Item 1.        Security and Issuer.

        This Statement on Schedule 13D (the "Statement") relates to the Common
Stock, $0.01 par value (the "Shares"), of the MONY Group, Inc., a Delaware
corporation (the "Company"). The principal executive offices of the Company are
located at 1740 Broadway New York, New York 10019.


Item 2.        Identity and Background.

        This Statement is being filed by Deutsche Bank Securities Inc. ("DBSI")
and Deutsche Bank AG ("Deutsche Bank", together with DBSI, the "Reporting
Persons" and each, a "Reporting Person"). A joint filing agreement has been
filed as Exhibit 1 to this Statement pursuant to Rule 13d-1(k) promulgated under
the Securities Exchange Act of 1934, as amended (the "Exchange Act").

        DBSI is a corporation organized under the laws of Delaware, and is a
wholly-owned subsidiary of DB US Financial Markets Holding Corporation
("DBUSFM"). DBUSFM is a wholly-owned subsidiary of Deutsche Bank Americas
Holding Corporation, a wholly-owned subsidiary of Taunus Corporation, which in
turn is a wholly-owned subsidiary of Deutsche Bank. Deutsche Bank is organized
under the laws of the Federal Republic of Germany. The securities acquired by
Deutsche Bank covered by this Statement were acquired through the London Branch
of Deutsche Bank, which is licensed by the United Kingdom banking authority.
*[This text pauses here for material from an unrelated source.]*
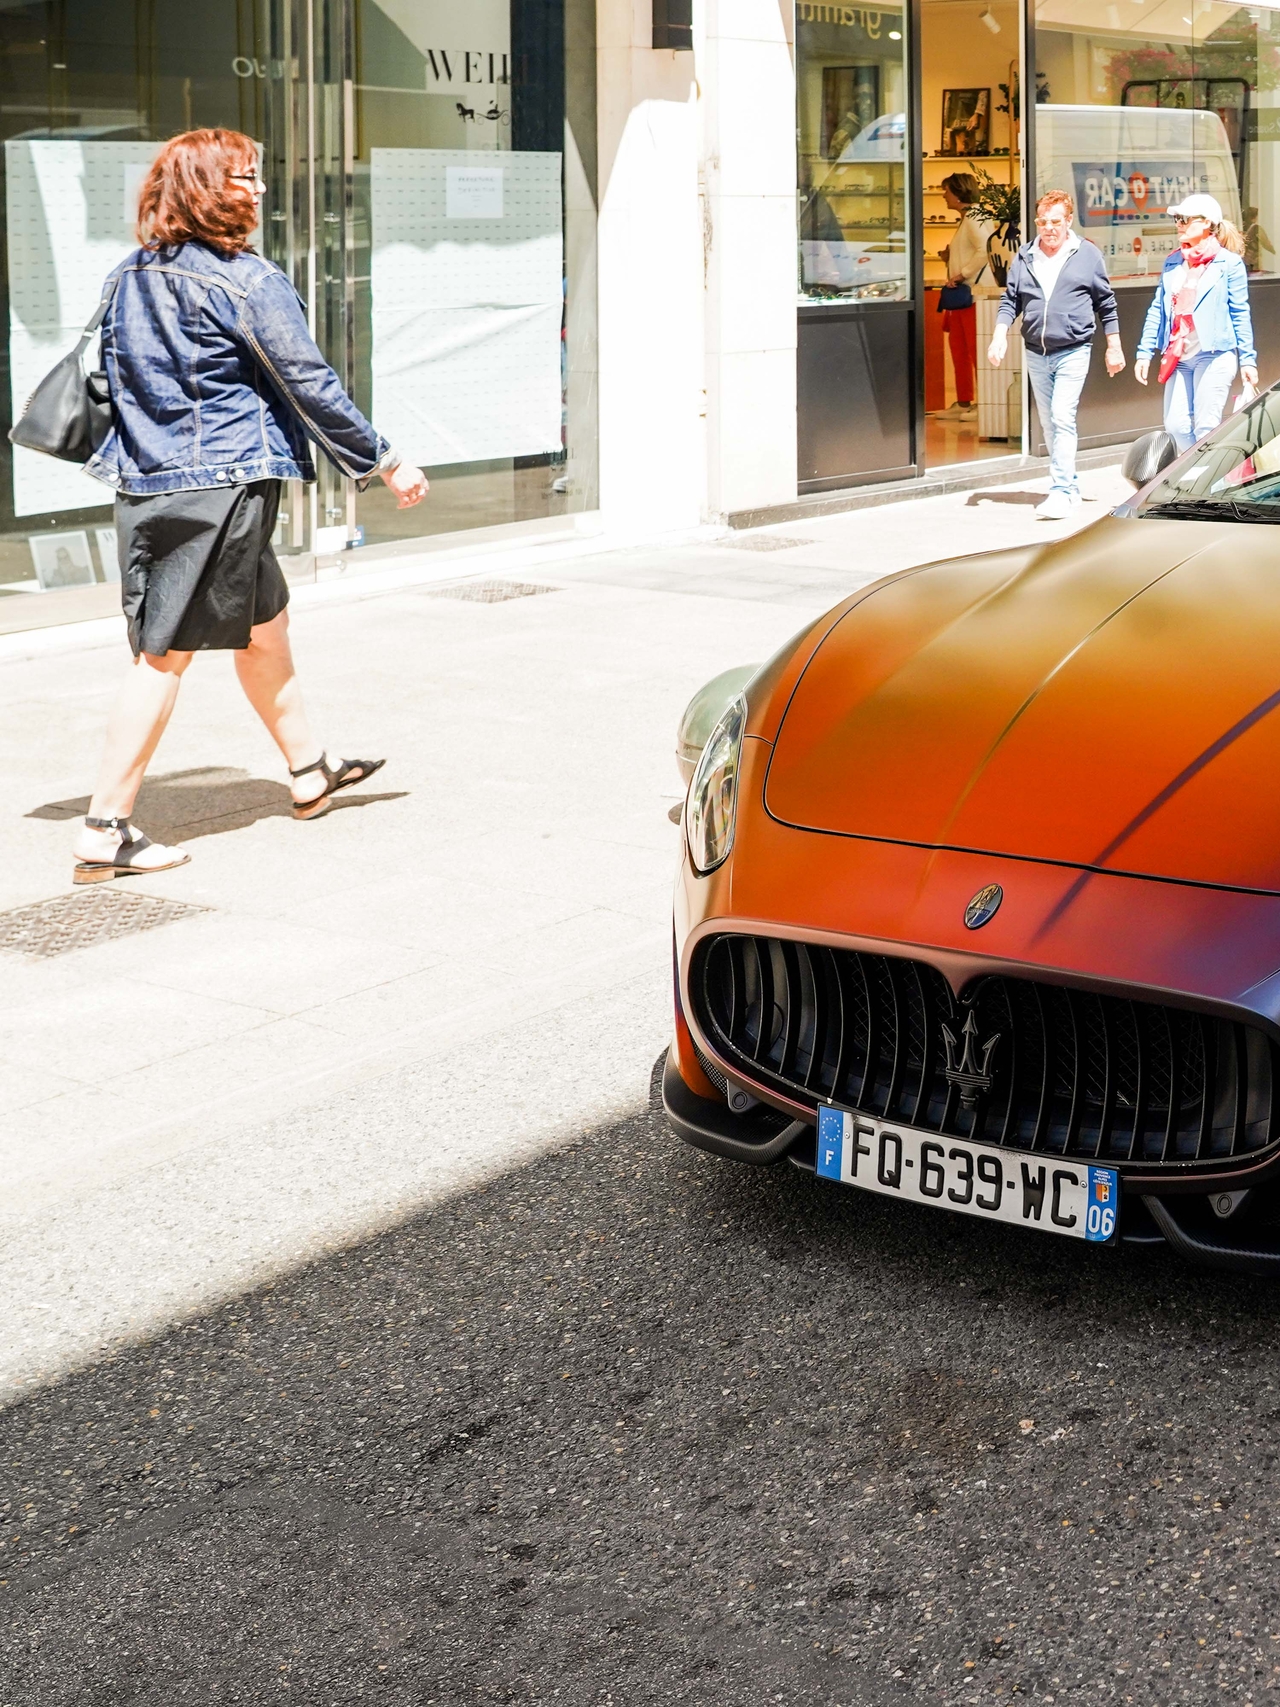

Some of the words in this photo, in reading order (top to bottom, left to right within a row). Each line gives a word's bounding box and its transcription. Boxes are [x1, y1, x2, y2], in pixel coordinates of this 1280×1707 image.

[825, 1150, 835, 1166] F
[851, 1123, 1079, 1228] FQ-639-WC
[1087, 1204, 1114, 1236] 06
        The address of the principal place of business of Deutsche Bank is
Taunusanlage 12, 60325 Frankfurt, Federal Republic of Germany. The address of
the principal office of DBSI is 60 Wall Street, New York, New York 10005.

        The principal business of Deutsche Bank is the provision of financial
and related services. Deutsche Bank is the largest private banking institution
in the Federal Republic of Germany and is the parent company of a group
consisting of banks, capital market and fund management companies, mortgage
banks and property finance companies, installment financing and leasing
companies, insurance companies, research and consultancy companies and other
companies. DBSI is registered with the Securities and Exchange Commission as a
broker-dealer and is a member of the National Association of Securities Dealers,
Securities Investor Protection Corporation, New York Stock Exchange and a number
of other securities self-regulatory organizations. In addition, DBSI is
registered with the Commodity Futures Trading Commission as a futures commission
merchant and is a member of the National Futures Association, Chicago Mercantile
Exchange and several other futures self-regulatory organizations. DBSI is
headquartered in New York City and offers a full range of broker-dealer
services, including sales and trading expertise in equity and fixed income
securities, derivatives and structured products, portfolio trading, prime
brokerage services, and research. DBSI also assists investment banking clients
with public and private offerings in the equity and debt capital markets, and
provides advisory services in strategic areas such as mergers, acquisitions, and
corporate restructurings.

        In addition, in accordance with Securities and Exchange Commission
Release No. 34-39538 (January 12, 1998), this Statement reflects the securities
beneficially owned by the Corporate and Investment Banking business group and
the Corporate Investments business group (collectively, "CIB") of Deutsche Bank
and its subsidiaries and affiliates. This filing does not reflect securities, if
any, beneficially owned by any other business group of Deutsche Bank. Consistent
with Rule 13d-4 under the Exchange Act, this filing shall not be construed as an
admission that CIB is, for purposes of Section 13(d) under the Exchange Act, the
beneficial owner of any securities covered by the filing. Furthermore, CIB
disclaims beneficial ownership of the securities beneficially owned by (i) any
client accounts with respect to which CIB or its employees have voting or
investment discretion, or both, and (ii) certain investment entities, of which
CIB is the general partner, managing general partner, or other manager, to the
extent interests in such entities are held by persons other than CIB.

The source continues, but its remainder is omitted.